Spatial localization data
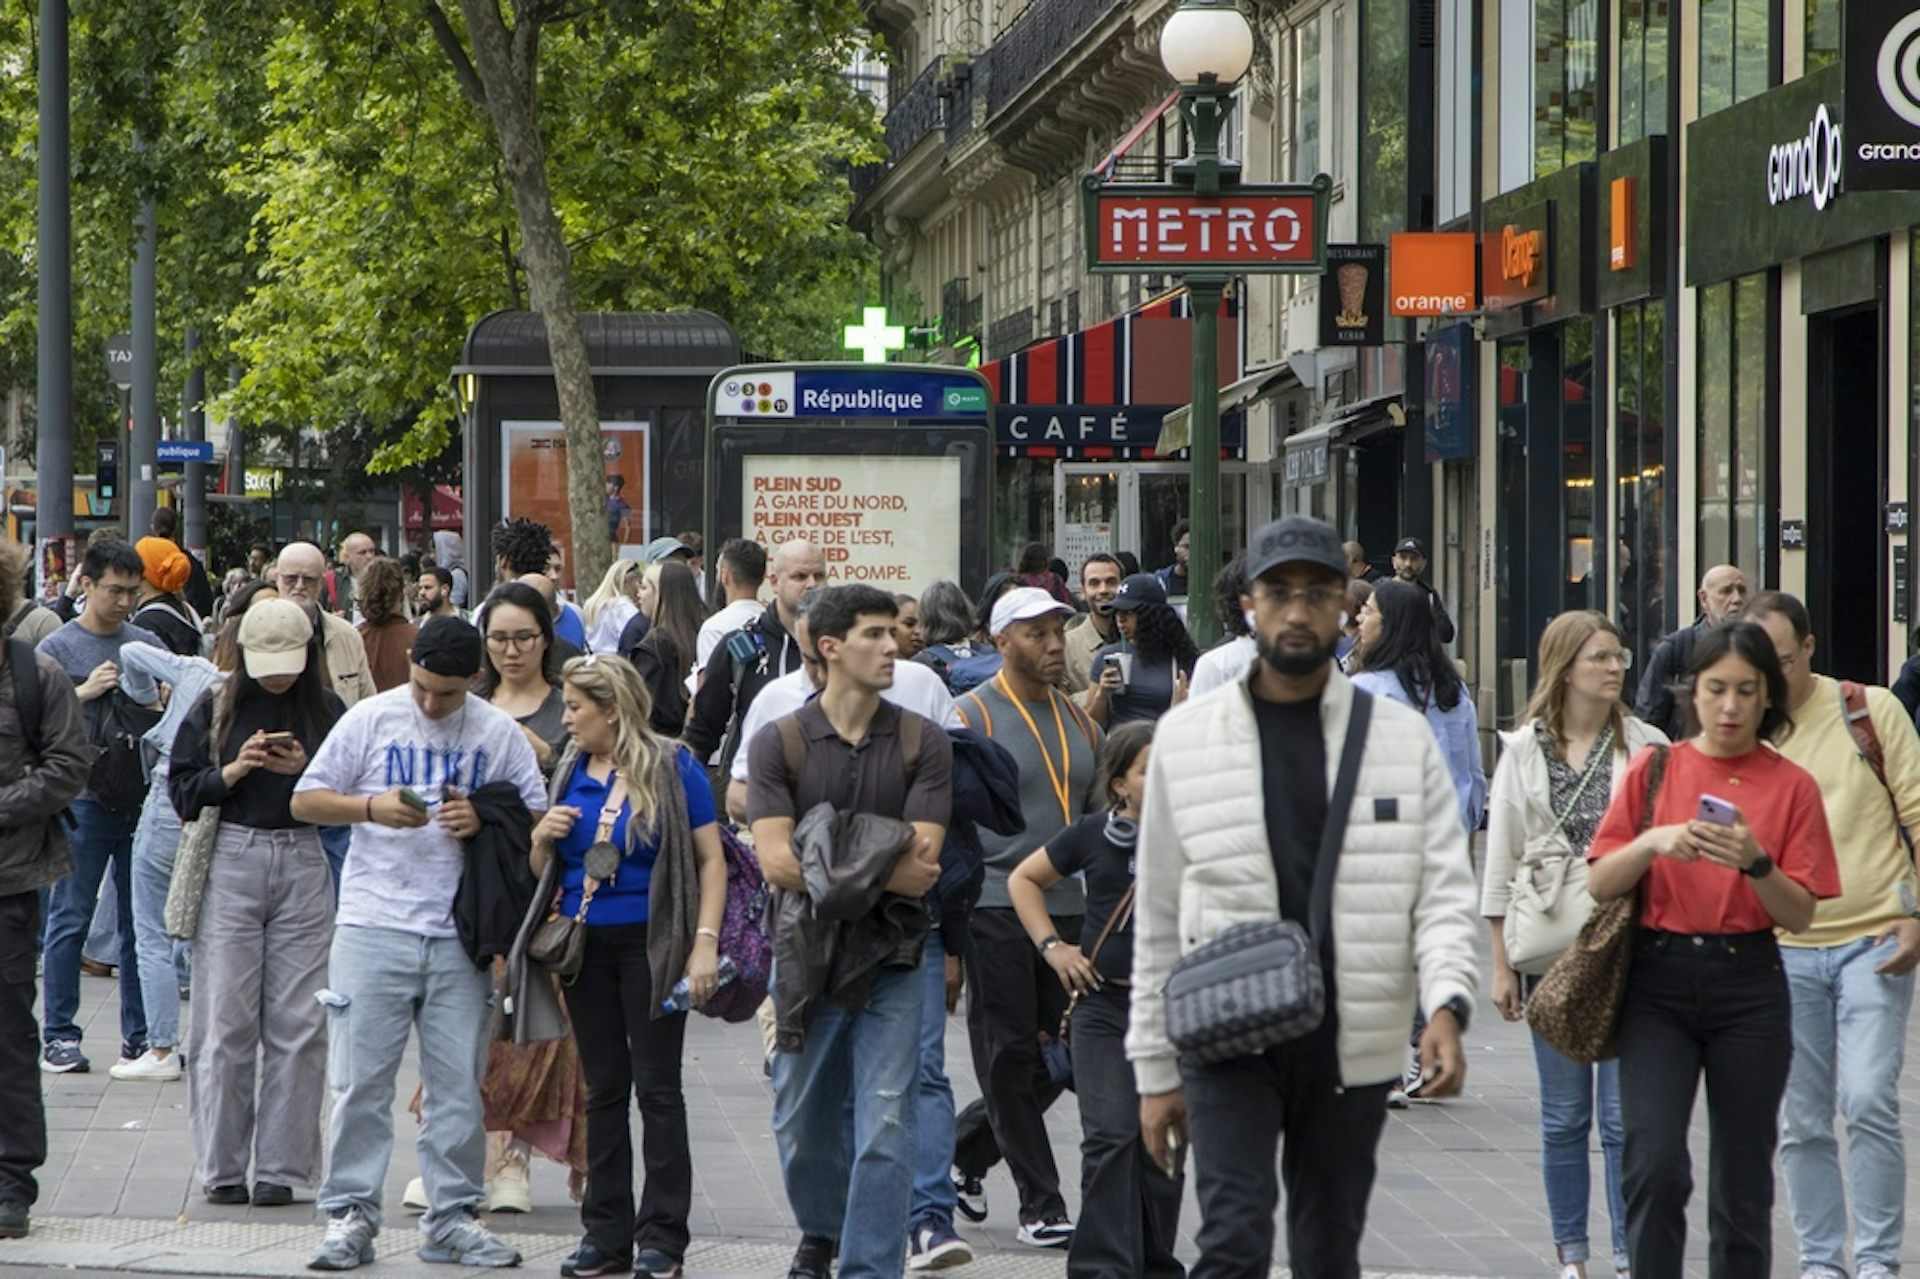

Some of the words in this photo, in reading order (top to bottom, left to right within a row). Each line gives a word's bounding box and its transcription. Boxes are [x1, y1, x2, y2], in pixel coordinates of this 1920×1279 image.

[1113, 207, 1301, 252] METRO
[1395, 295, 1467, 314] orange
[803, 388, 923, 413] République
[1009, 412, 1128, 440] CAFÉ
[754, 477, 802, 492] PLEIN
[806, 477, 842, 492] SUD
[754, 490, 767, 510] À
[771, 495, 819, 510] GARE
[824, 495, 848, 510] DU
[853, 495, 908, 514] NORD,
[754, 512, 802, 527] PLEIN
[805, 512, 864, 528] OUEST
[771, 530, 818, 545] GARE
[824, 530, 846, 545] DE
[844, 566, 911, 581] POMPE.
[384, 738, 490, 791] NIKE
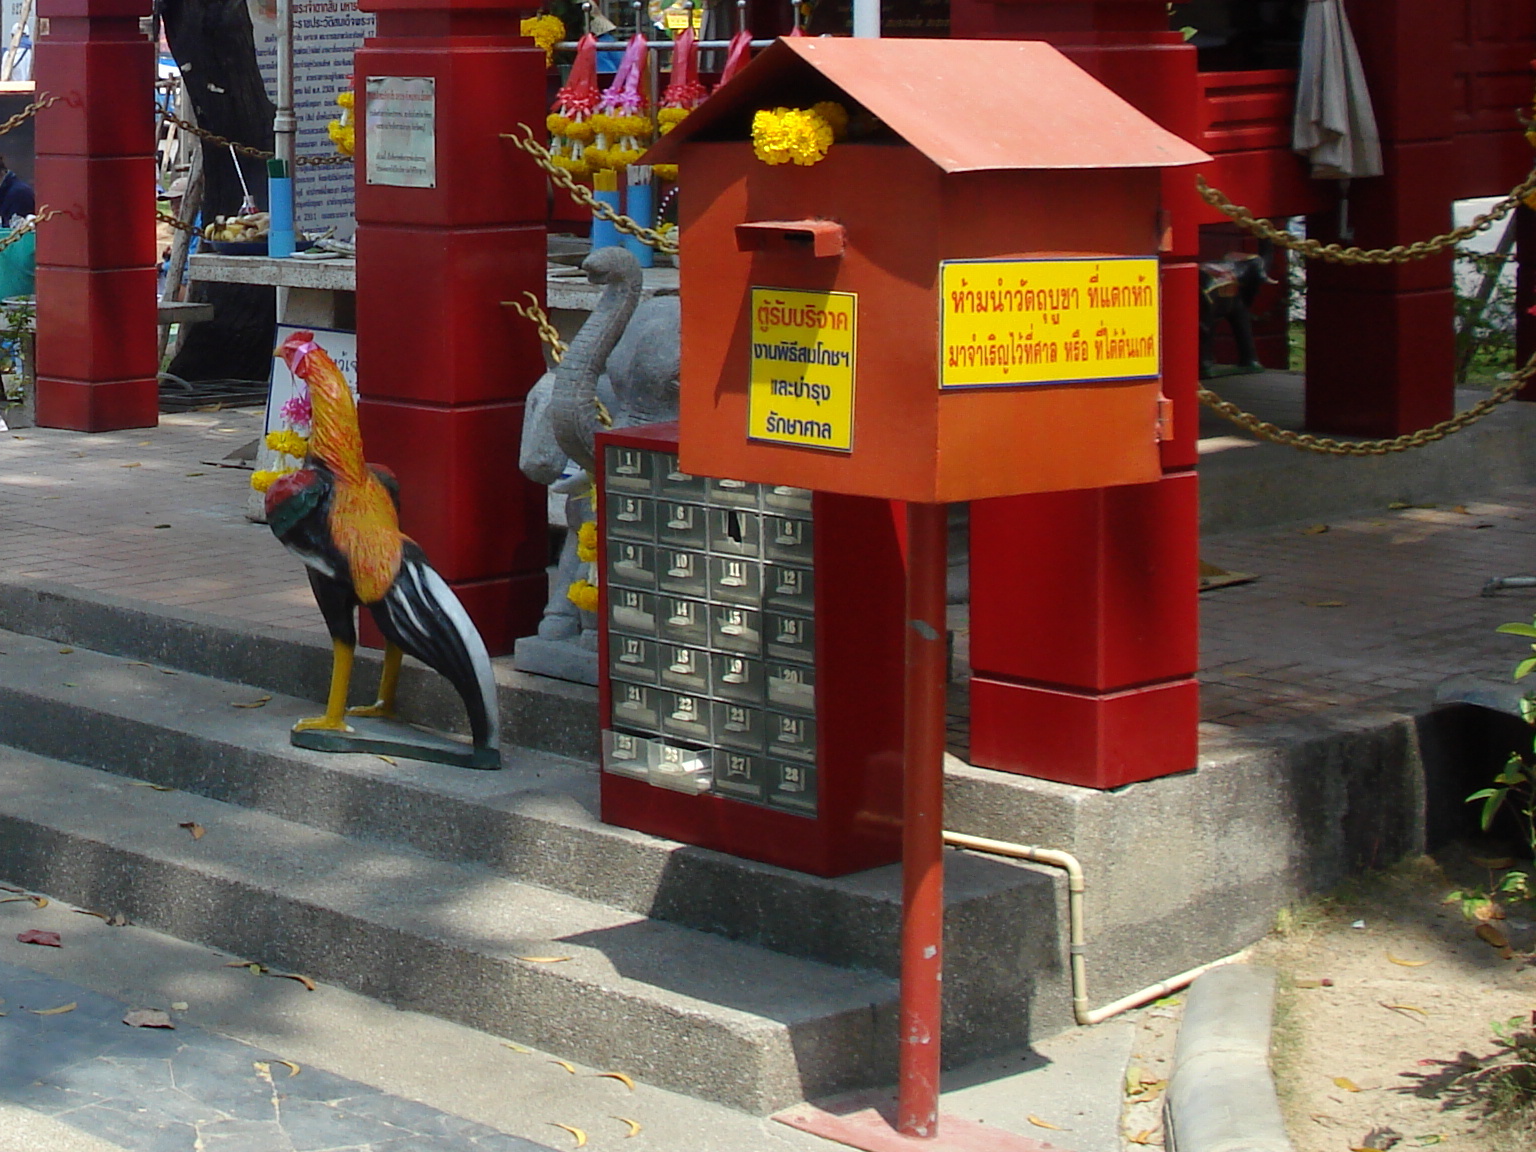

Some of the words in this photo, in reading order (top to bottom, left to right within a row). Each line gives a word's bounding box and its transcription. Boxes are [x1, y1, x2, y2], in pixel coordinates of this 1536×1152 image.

[1087, 264, 1153, 308] ที่แตกหัก
[757, 299, 849, 333] ตู้รับบริจาค
[1064, 329, 1089, 362] หรือ
[770, 376, 831, 406] และบำรุง
[766, 411, 832, 439] รักษาศาล
[626, 452, 631, 465] 1
[627, 500, 633, 512] 5
[677, 506, 684, 519] 6
[785, 522, 792, 534] 8
[627, 546, 634, 559] 9
[676, 554, 687, 567] 10
[729, 563, 740, 577] 11
[784, 571, 795, 584] 12
[627, 593, 637, 606] 13
[676, 602, 687, 616] 14
[729, 610, 741, 624] 15
[628, 640, 638, 653] 17
[677, 650, 688, 663] 18
[731, 659, 742, 673] 19
[629, 687, 640, 700] 21
[679, 698, 692, 711] 22
[784, 719, 796, 733] 24
[731, 757, 744, 770] 27

--- What you will do ---
The records above are to be repeated exactly, with the pictures left out.

--- Answer for the task ---
Some of the words in this photo, in reading order (top to bottom, left to right within a row). Each line gives a word's bounding box and its transcription. Boxes are [x1, y1, x2, y2], in pixel coordinates of this 1920×1279 image.

[1113, 207, 1301, 252] METRO
[1395, 295, 1467, 314] orange
[803, 388, 923, 413] République
[1009, 412, 1128, 440] CAFÉ
[754, 477, 802, 492] PLEIN
[806, 477, 842, 492] SUD
[754, 490, 767, 510] À
[771, 495, 819, 510] GARE
[824, 495, 848, 510] DU
[853, 495, 908, 514] NORD,
[754, 512, 802, 527] PLEIN
[805, 512, 864, 528] OUEST
[771, 530, 818, 545] GARE
[824, 530, 846, 545] DE
[844, 566, 911, 581] POMPE.
[384, 738, 490, 791] NIKE

Some of the words in this photo, in reading order (top to bottom, left to right within a row). Each line gives a word's bounding box and its transcription. Boxes are [x1, y1, x2, y2], in pixel coordinates of this 1536×1152 image.

[1087, 264, 1153, 308] ที่แตกหัก
[757, 299, 849, 333] ตู้รับบริจาค
[1064, 329, 1089, 362] หรือ
[770, 376, 831, 406] และบำรุง
[766, 411, 832, 439] รักษาศาล
[626, 452, 631, 465] 1
[627, 500, 633, 512] 5
[677, 506, 684, 519] 6
[785, 522, 792, 534] 8
[627, 546, 634, 559] 9
[676, 554, 687, 567] 10
[729, 563, 740, 577] 11
[784, 571, 795, 584] 12
[627, 593, 637, 606] 13
[676, 602, 687, 616] 14
[729, 610, 741, 624] 15
[628, 640, 638, 653] 17
[677, 650, 688, 663] 18
[731, 659, 742, 673] 19
[629, 687, 640, 700] 21
[679, 698, 692, 711] 22
[784, 719, 796, 733] 24
[731, 757, 744, 770] 27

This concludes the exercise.